** SOURCE DATA follows **

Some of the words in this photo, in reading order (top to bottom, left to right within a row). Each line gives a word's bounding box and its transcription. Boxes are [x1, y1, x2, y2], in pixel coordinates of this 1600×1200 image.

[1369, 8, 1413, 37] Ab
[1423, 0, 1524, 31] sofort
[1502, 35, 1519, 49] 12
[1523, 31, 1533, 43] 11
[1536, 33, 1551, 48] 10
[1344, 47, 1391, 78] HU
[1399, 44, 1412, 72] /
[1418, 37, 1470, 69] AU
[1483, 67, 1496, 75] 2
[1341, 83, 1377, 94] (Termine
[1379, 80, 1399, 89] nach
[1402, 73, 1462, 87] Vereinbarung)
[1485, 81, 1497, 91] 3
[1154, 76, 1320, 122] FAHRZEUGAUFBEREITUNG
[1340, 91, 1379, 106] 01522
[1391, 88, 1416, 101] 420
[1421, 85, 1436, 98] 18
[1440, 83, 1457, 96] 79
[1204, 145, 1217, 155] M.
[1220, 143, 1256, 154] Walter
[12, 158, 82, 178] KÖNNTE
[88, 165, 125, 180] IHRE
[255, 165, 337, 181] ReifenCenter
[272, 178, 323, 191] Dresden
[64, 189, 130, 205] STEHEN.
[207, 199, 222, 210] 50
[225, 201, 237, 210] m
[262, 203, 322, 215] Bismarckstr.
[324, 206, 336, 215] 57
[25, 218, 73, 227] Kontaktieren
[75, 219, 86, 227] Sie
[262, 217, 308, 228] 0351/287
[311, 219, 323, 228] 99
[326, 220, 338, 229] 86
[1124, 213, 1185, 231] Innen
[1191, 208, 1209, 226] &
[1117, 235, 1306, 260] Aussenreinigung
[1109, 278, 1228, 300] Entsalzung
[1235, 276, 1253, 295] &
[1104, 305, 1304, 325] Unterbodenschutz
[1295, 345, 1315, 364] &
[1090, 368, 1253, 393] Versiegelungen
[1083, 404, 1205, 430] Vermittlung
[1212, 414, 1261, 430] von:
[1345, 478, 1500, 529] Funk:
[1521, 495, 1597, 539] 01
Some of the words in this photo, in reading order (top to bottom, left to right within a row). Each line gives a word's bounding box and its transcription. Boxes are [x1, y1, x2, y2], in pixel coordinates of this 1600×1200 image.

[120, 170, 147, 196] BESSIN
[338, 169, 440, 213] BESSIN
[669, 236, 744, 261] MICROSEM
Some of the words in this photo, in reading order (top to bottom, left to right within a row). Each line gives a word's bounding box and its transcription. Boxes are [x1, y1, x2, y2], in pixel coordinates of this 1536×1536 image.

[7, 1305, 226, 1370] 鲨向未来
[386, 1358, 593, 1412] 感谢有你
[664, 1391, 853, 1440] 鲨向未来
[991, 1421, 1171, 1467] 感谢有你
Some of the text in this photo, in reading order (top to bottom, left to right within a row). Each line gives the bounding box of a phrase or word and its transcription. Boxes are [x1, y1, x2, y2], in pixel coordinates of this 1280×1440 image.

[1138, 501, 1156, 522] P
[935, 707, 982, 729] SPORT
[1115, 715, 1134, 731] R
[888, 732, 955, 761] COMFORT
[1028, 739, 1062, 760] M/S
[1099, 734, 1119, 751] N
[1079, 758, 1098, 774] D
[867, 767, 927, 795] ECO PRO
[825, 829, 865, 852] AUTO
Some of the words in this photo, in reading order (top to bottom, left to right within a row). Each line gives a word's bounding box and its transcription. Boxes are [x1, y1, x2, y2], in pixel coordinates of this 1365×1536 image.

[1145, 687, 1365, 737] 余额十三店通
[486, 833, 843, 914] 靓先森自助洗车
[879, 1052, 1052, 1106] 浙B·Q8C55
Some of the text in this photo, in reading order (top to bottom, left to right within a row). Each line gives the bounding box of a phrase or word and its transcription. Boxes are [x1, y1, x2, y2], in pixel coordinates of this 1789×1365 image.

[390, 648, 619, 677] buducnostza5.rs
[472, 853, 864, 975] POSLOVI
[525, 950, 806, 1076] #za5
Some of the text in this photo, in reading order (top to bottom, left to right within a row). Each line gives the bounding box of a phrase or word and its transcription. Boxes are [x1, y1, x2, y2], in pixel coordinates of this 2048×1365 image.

** End of SOURCE DATA **

• **WHAT YOU NEED TO DO**: Copy out the whole listing exactly as given.

• **THE COMPLETED TASK**:
Some of the words in this photo, in reading order (top to bottom, left to right within a row). Each line gives a word's bounding box and its transcription. Boxes are [x1, y1, x2, y2], in pixel coordinates of this 1600×1200 image.

[1369, 8, 1413, 37] Ab
[1423, 0, 1524, 31] sofort
[1502, 35, 1519, 49] 12
[1523, 31, 1533, 43] 11
[1536, 33, 1551, 48] 10
[1344, 47, 1391, 78] HU
[1399, 44, 1412, 72] /
[1418, 37, 1470, 69] AU
[1483, 67, 1496, 75] 2
[1341, 83, 1377, 94] (Termine
[1379, 80, 1399, 89] nach
[1402, 73, 1462, 87] Vereinbarung)
[1485, 81, 1497, 91] 3
[1154, 76, 1320, 122] FAHRZEUGAUFBEREITUNG
[1340, 91, 1379, 106] 01522
[1391, 88, 1416, 101] 420
[1421, 85, 1436, 98] 18
[1440, 83, 1457, 96] 79
[1204, 145, 1217, 155] M.
[1220, 143, 1256, 154] Walter
[12, 158, 82, 178] KÖNNTE
[88, 165, 125, 180] IHRE
[255, 165, 337, 181] ReifenCenter
[272, 178, 323, 191] Dresden
[64, 189, 130, 205] STEHEN.
[207, 199, 222, 210] 50
[225, 201, 237, 210] m
[262, 203, 322, 215] Bismarckstr.
[324, 206, 336, 215] 57
[25, 218, 73, 227] Kontaktieren
[75, 219, 86, 227] Sie
[262, 217, 308, 228] 0351/287
[311, 219, 323, 228] 99
[326, 220, 338, 229] 86
[1124, 213, 1185, 231] Innen
[1191, 208, 1209, 226] &
[1117, 235, 1306, 260] Aussenreinigung
[1109, 278, 1228, 300] Entsalzung
[1235, 276, 1253, 295] &
[1104, 305, 1304, 325] Unterbodenschutz
[1295, 345, 1315, 364] &
[1090, 368, 1253, 393] Versiegelungen
[1083, 404, 1205, 430] Vermittlung
[1212, 414, 1261, 430] von:
[1345, 478, 1500, 529] Funk:
[1521, 495, 1597, 539] 01
Some of the words in this photo, in reading order (top to bottom, left to right within a row). Each line gives a word's bounding box and its transcription. Boxes are [x1, y1, x2, y2], in pixel coordinates of this 1600×1200 image.

[120, 170, 147, 196] BESSIN
[338, 169, 440, 213] BESSIN
[669, 236, 744, 261] MICROSEM
Some of the words in this photo, in reading order (top to bottom, left to right within a row). Each line gives a word's bounding box and its transcription. Boxes are [x1, y1, x2, y2], in pixel coordinates of this 1536×1536 image.

[7, 1305, 226, 1370] 鲨向未来
[386, 1358, 593, 1412] 感谢有你
[664, 1391, 853, 1440] 鲨向未来
[991, 1421, 1171, 1467] 感谢有你
Some of the text in this photo, in reading order (top to bottom, left to right within a row). Each line gives the bounding box of a phrase or word and its transcription. Boxes are [x1, y1, x2, y2], in pixel coordinates of this 1280×1440 image.

[1138, 501, 1156, 522] P
[935, 707, 982, 729] SPORT
[1115, 715, 1134, 731] R
[888, 732, 955, 761] COMFORT
[1028, 739, 1062, 760] M/S
[1099, 734, 1119, 751] N
[1079, 758, 1098, 774] D
[867, 767, 927, 795] ECO PRO
[825, 829, 865, 852] AUTO
Some of the words in this photo, in reading order (top to bottom, left to right within a row). Each line gives a word's bounding box and its transcription. Boxes are [x1, y1, x2, y2], in pixel coordinates of this 1365×1536 image.

[1145, 687, 1365, 737] 余额十三店通
[486, 833, 843, 914] 靓先森自助洗车
[879, 1052, 1052, 1106] 浙B·Q8C55
Some of the text in this photo, in reading order (top to bottom, left to right within a row). Each line gives the bounding box of a phrase or word and its transcription. Boxes are [x1, y1, x2, y2], in pixel coordinates of this 1789×1365 image.

[390, 648, 619, 677] buducnostza5.rs
[472, 853, 864, 975] POSLOVI
[525, 950, 806, 1076] #za5
Some of the text in this photo, in reading order (top to bottom, left to right within a row). Each line gives the bounding box of a phrase or word and its transcription. Boxes are [x1, y1, x2, y2], in pixel coordinates of this 2048×1365 image.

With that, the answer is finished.